Project with code needed to filter, trim and slim ntuples produced by AP

Project description

[TOC]

TLDR

To submit the jobs do:

# A virtual environment as shown below
micromamba activate post_ap

# This should allow access to shell with Ganga
# .ganga.py has to have the path to site-packages added
# to python path as shown below
post_shell

# Create proxy with 100 hours validity
lhcb-proxy-init -v 100:00

# Submit job "data_2024" with configuration in v1.yaml. The job name in dirac will be
# filter_001.
job_filter_ganga -n filter_001 -p rx_2024 -s data_2024 -c rk/v1.yaml -b Dirac -v 037

Description

This project is used to:

  • Filter, slim, trim the trees from a given AP production
  • Rename branches

This is done using configurations in a YAML file and through Ganga jobs.

Installation

You will need to install this project in a virtual environment provided by micromamba. For that, check this Once micromamba is installed in your system:

  • Make sure that the ${HOME}/.local directory does not exist. If a dependency of post_ap is installed there, ganga would have to be pointed to that location and to the location of the virtual environment. This is too complicated and should not be done.

  • Create a new environment:

# python 3.11 is used by DIRAC and it's better to also use it here 
micromamba create -n post_ap python==3.12
micromamba activate post_ap
  • In the $HOME/.bashrc export POSTAP_PATH, which will point to the place where your environment is installed, e.g.:
export POSTAP_PATH=/home/acampove/micromamba/envs/post_ap/bin

which is needed to find the executables.

  • Install XROOTD using:
micromamba install xrootd

which is needed to download the ntuples and is not a python project, therefore it cannot be installed with pip.

  • Install this project.
# can also be installed in editable mode
pip install post_ap
  • In order to make Ganga aware of the post_ap package, in $HOME/.ganga.py add:
import sys

# Or the proper place where the environment is installed in your system
sys.path.append('/home/acampove/micromamba/envs/post_ap/lib/python3.12/site-packages')
  • This project is used from inside Ganga.
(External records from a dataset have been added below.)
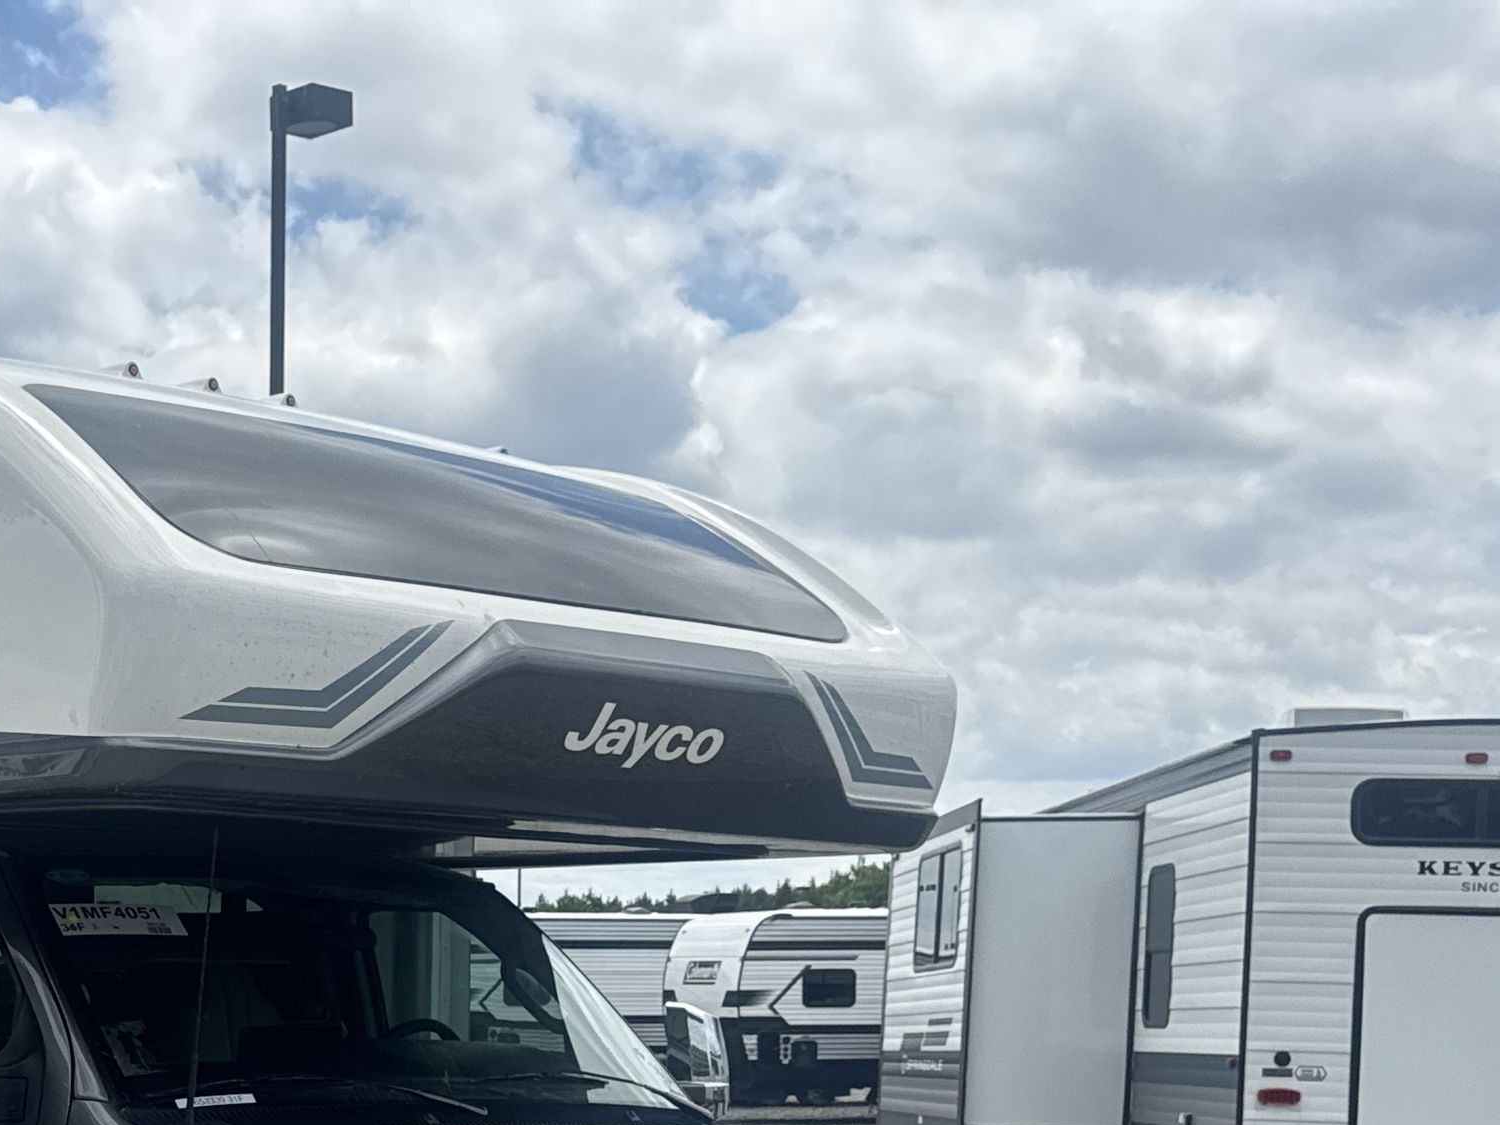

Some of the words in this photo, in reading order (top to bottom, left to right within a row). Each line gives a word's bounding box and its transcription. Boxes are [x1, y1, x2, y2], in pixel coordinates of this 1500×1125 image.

[564, 702, 725, 769] Jayco
[1418, 861, 1500, 876] KEYS
[1461, 882, 1499, 893] SINC
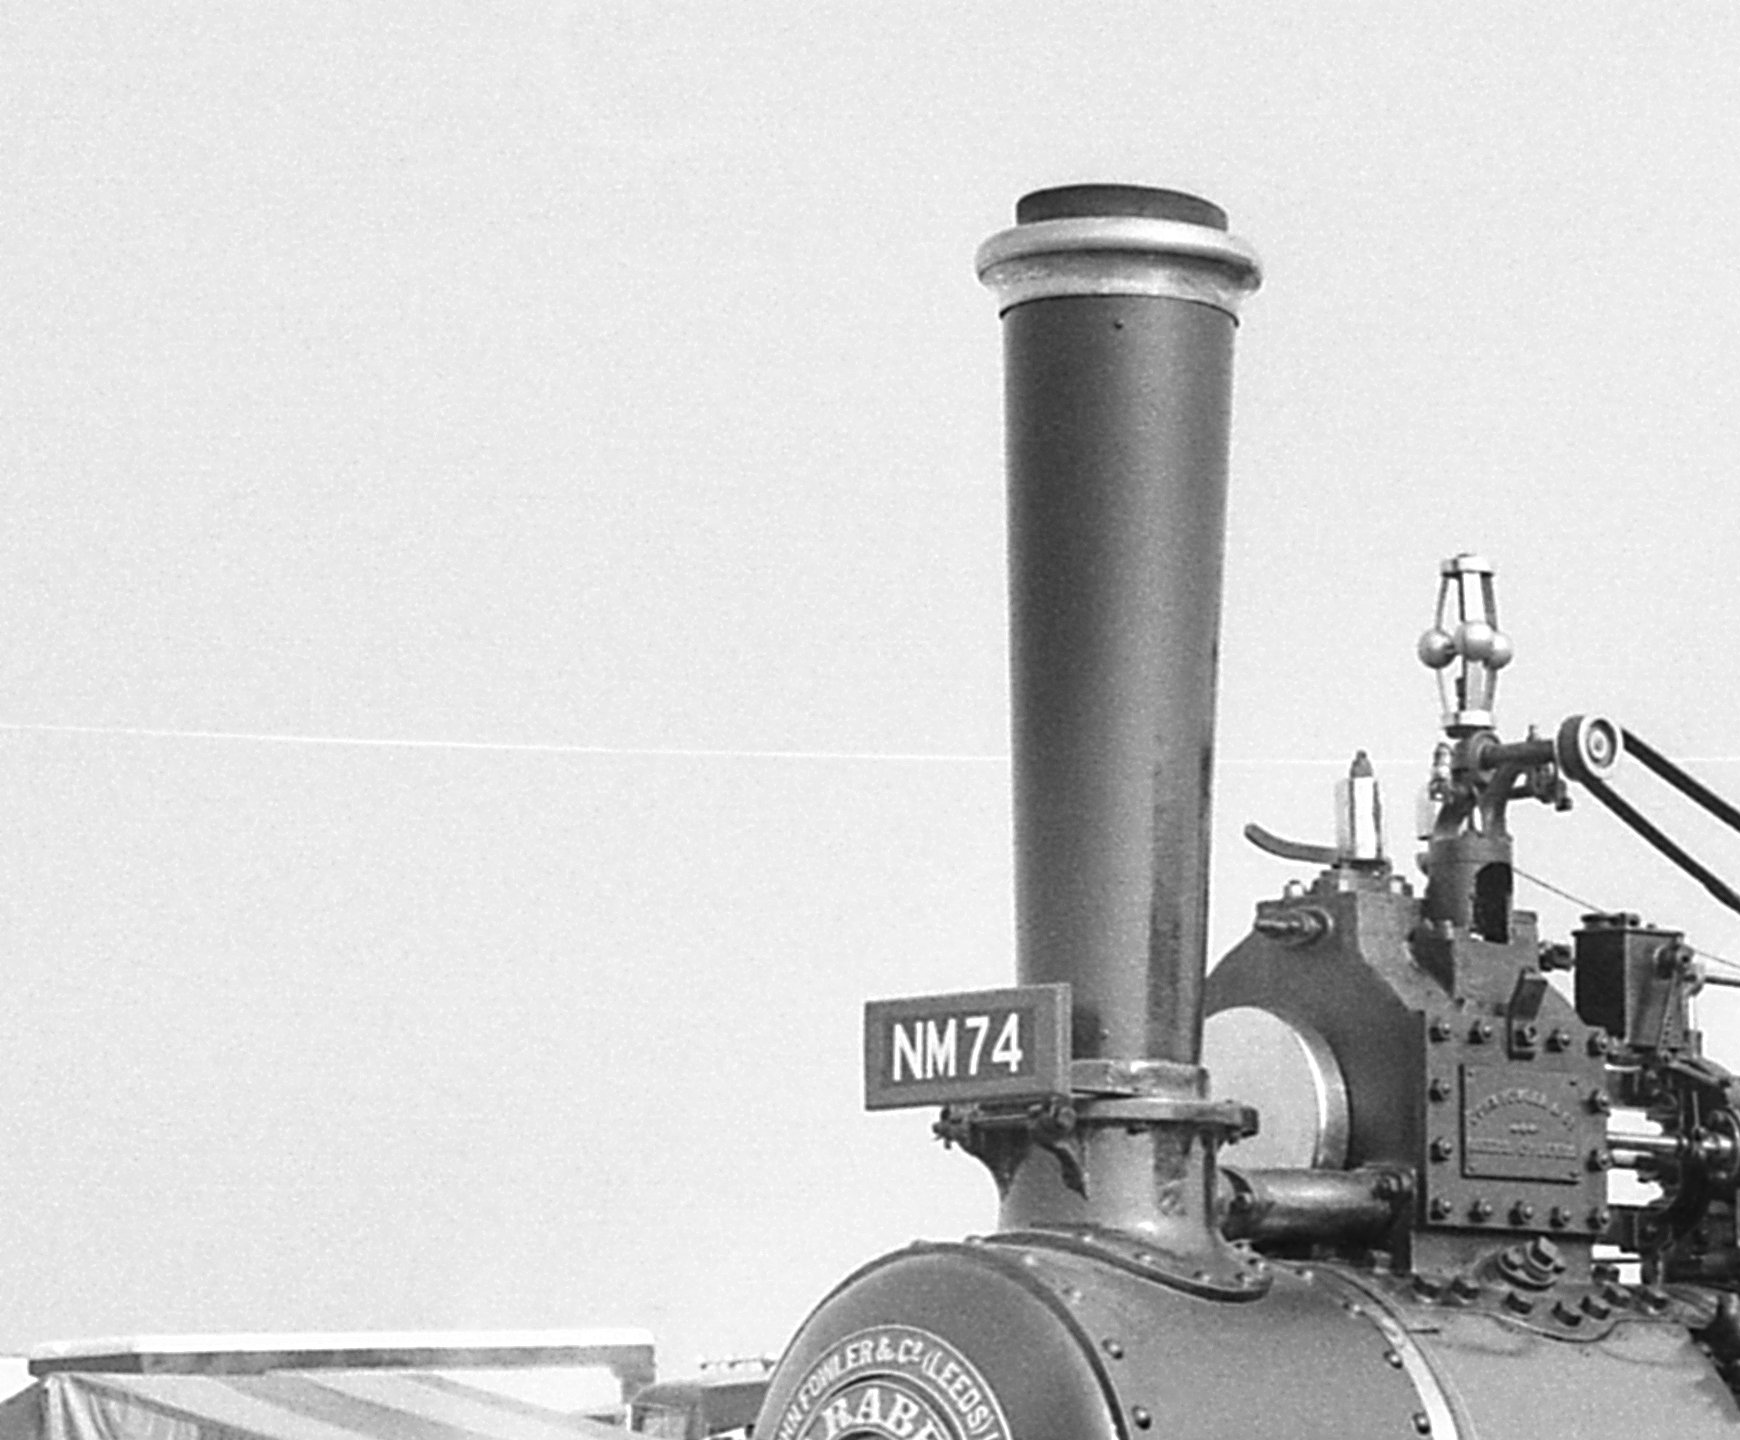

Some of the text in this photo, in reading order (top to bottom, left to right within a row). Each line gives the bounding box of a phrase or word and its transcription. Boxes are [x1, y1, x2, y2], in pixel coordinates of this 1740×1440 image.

[893, 1012, 1023, 1082] NM 74
[799, 1339, 874, 1411] FOWLER
[876, 1337, 894, 1361] &
[922, 1350, 994, 1435] (LEEDS)
To have access to Ganga do:
# Setup LHCb environment
. /cvmfs/lhcb.cern.ch/lib/LbEnv

# Make a proxy that lasts 100 hours
lhcb-proxy-init -v 100:00
  • To check that this is working, open ganga and run:
from post_ap.pfn_reader        import PFNReader

Submitting jobs

Environment

The script in the next setion needs a special environment to run. This environment is created by:

  • Go to a virtual environment where this project is installed, could be named e.g. post_ap
  • Make a grid token with:
lhcb-proxy-init -v 100:00
  • Run:
post_shell

which will leave you in a new shell with the required environment variables

  • Run the commands shown below

Submition script

For this one would run a line like:

job_filter_ganga -n job_name -p PRODUCTION -s SAMPLE -c rx/v13.yaml -b BACKEND -v VERSION_OF_ENV 

# For example
job_filter_ganga -n flt_002 -p rd_ap_2024 -s w37_39_v1r3788 -c rx/v13.yaml -b Dirac -v 037
  • The number of jobs will be equal to the number of PFNs, up to 500 jobs.
  • The code used to filter reside in the grid and the only thing the user has to do is to provide the latest version

The options that can be used are:

usage: job_filter_ganga [-h] -n NAME -p PROD -s SAMP -c CONF [-b {Interactive,Local,Dirac}] [-t] -v VENV [-d]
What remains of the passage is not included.